Last year, the FDA called for the widespread use of RFID tags to help ensure that drugs sold to consumers are legitimate. Under the FDA proposal, RFID tags would be used on cartons and pallets of drugs throughout the pharmaceutical supply chain by 2007.

The problem, according to privacy advocates , is that the FDA is considering more than just tracking large shipping containers or crates of medicines with RFID tags; it could also use the tags to track individual medicine bottles or even individual tablets. That, privacy advocates said, would be invasive.

Dr. Scott Gottlieb, deputy commissioner of medical and scientific affairs at the FDA, said the agency has talked with pharmaceutical companies, retailers, scientists and others for the past several years to ensure that consumers get legitimate drugs when their prescriptions are filled. Today's "track and trace" methods use paper records to follow drug shipments from manufacturers to wholesalers and retail stores.

But paper records are not foolproof, Gottlieb said. By moving to electronic methods, including the use of RFID, the drug distribution system could be made safer against counterfeiting, he said.
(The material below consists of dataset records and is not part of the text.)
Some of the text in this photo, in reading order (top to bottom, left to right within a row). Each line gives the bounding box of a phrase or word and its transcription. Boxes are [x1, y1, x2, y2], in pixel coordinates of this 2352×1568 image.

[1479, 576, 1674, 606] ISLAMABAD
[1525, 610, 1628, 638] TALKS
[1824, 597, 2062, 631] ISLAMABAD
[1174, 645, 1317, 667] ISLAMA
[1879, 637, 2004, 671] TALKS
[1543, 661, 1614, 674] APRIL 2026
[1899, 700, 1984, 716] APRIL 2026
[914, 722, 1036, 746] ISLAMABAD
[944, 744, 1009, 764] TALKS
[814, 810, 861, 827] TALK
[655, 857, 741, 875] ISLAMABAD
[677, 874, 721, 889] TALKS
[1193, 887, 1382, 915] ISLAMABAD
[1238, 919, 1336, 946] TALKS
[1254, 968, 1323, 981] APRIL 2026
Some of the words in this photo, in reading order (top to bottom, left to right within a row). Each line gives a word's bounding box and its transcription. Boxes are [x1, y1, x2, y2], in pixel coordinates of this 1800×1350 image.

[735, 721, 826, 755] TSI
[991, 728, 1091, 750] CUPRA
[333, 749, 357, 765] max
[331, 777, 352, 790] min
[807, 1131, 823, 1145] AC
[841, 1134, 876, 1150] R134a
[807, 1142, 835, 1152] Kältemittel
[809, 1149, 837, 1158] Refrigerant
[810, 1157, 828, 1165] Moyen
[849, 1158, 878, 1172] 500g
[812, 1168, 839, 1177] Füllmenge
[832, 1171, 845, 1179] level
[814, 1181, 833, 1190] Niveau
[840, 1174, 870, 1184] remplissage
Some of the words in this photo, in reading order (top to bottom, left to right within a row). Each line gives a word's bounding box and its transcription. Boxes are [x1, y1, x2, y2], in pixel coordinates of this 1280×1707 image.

"We think RFID is the most promising and achievable means to get to electronic track and trace or electronic pedigree by 2007," Gottlieb said. An "electronic pedigree" is a record of custody for a drug, which would include all transactions from its place of manufacture to where it is shipped, stored and sold. The FDA has been looking at RFID and other electronic technologies for the past three years, with a goal of having procedures in place by 2007.

In addition to using RFID, the FDA has eyed the use of special inks on individual pills or holographic images on medicine bottles, he said. "We've always said that we don't think there's a single magic bullet" to solve the problems and that several techniques will be needed to fight counterfeiting, Gottlieb said.